FedEx to cut senior jobs as part of larger staff reduction
FedEx Corp on Wednesday said it would cut its officer and director ranks by more than 10% as part of a broad cost-reduction effort that has reduced staffing at the delivery giant by 12,000 workers since June, a spokeswoman said.
FedEx Corp on Wednesday said it would cut its officer and director ranks by more than 10% as part of a broad cost-reduction effort that has reduced staffing at the delivery giant by 12,000 workers since June, a spokeswoman said.
Shares in FedEx rose 3.4% to $200.52 as investors applauded the move, which signals progress on the company's plan to slash expenses by $3.7 billion this year.
FedEx informed employees about the senior-level layoffs in a memo, which did not say how many positions would be affected. The company's overall workforce reductions account for a little over 2% of FedEx's 547,000 full-time and part-time workers reported for the year ended May 2022.

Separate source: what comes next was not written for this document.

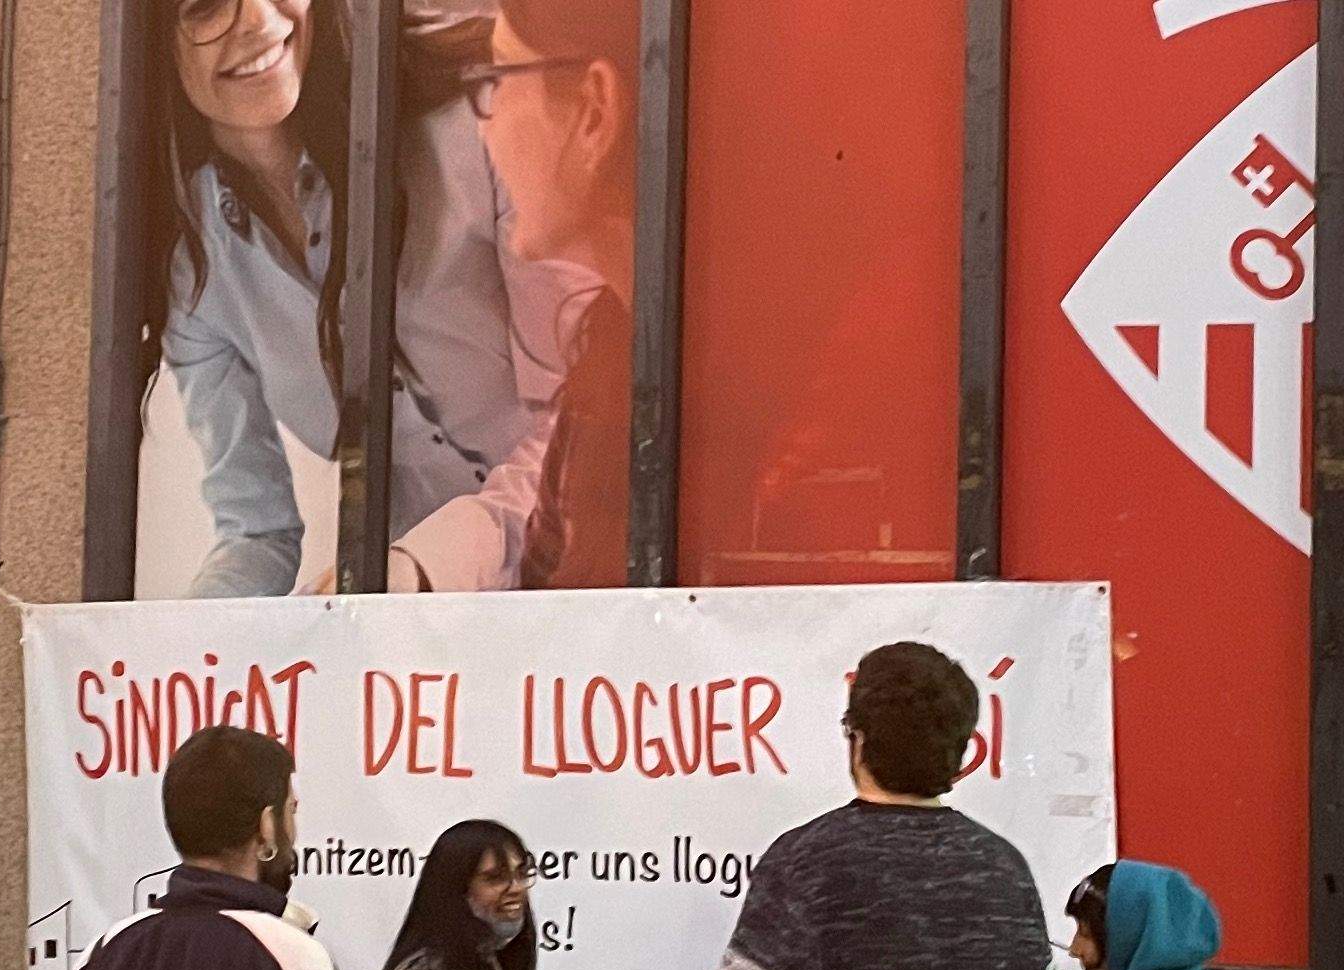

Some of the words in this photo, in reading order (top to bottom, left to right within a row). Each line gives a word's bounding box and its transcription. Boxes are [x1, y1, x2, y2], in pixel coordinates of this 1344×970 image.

[364, 671, 473, 778] DEL
[522, 674, 788, 779] LLOGUER
[591, 851, 660, 883] uns

"Unfortunately, this was a necessary action to become a more efficient, agile organization," wrote Chief Executive Raj Subramaniam, who added that FedEx is consolidating some teams and functions.
Most of the cuts came through attrition and other headcount management efforts, spokeswoman Rachael Simmons said.
In mid-September, FedEx pulled its profit forecast and shares swooned more than 20% - the largest single-day drop in the company's 50-year history.
Subramaniam, the company's newly minted CEO, blamed a global business downturn while critics pointed to a flat-footed response to slowing demand and ongoing profit pressure from FedEx's expensive, separately run business units.
Gary Bradshaw, a portfolio manager with Hodges Capital Management in Dallas, recently told Reuters that job cuts would be welcome, particularly after FedEx lowered its annual profit forecast.
"They've got lots of right-sizing to do," Bradshaw said.
For decades, FedEx was favored by investors over its unionized competitor United Parcel Service because it relied on less costly nonunion and outsourced labor. But in recent years UPS CEO Carol Tom? has delivered bigger profits and better service from that company's single network.
With its move on jobs, FedEx will have reduced the number of its full- and part-time employees to around 535,000 - roughly on par with UPS, based on workforce counts in the most recent annual reports for each company.
But those numbers only tell part of the story because they exclude roughly 6,000 FedEx contractors and their workers, who handle most of the FedEx Ground's home delivery business.
Most Ground contractors employ about nine to 12 employees each, said consultant Satish Jindel, who helped found the company that was rebranded as FedEx Ground. Using an average of 10.5 workers per contractor would add a total of 69,000 jobs at Ground.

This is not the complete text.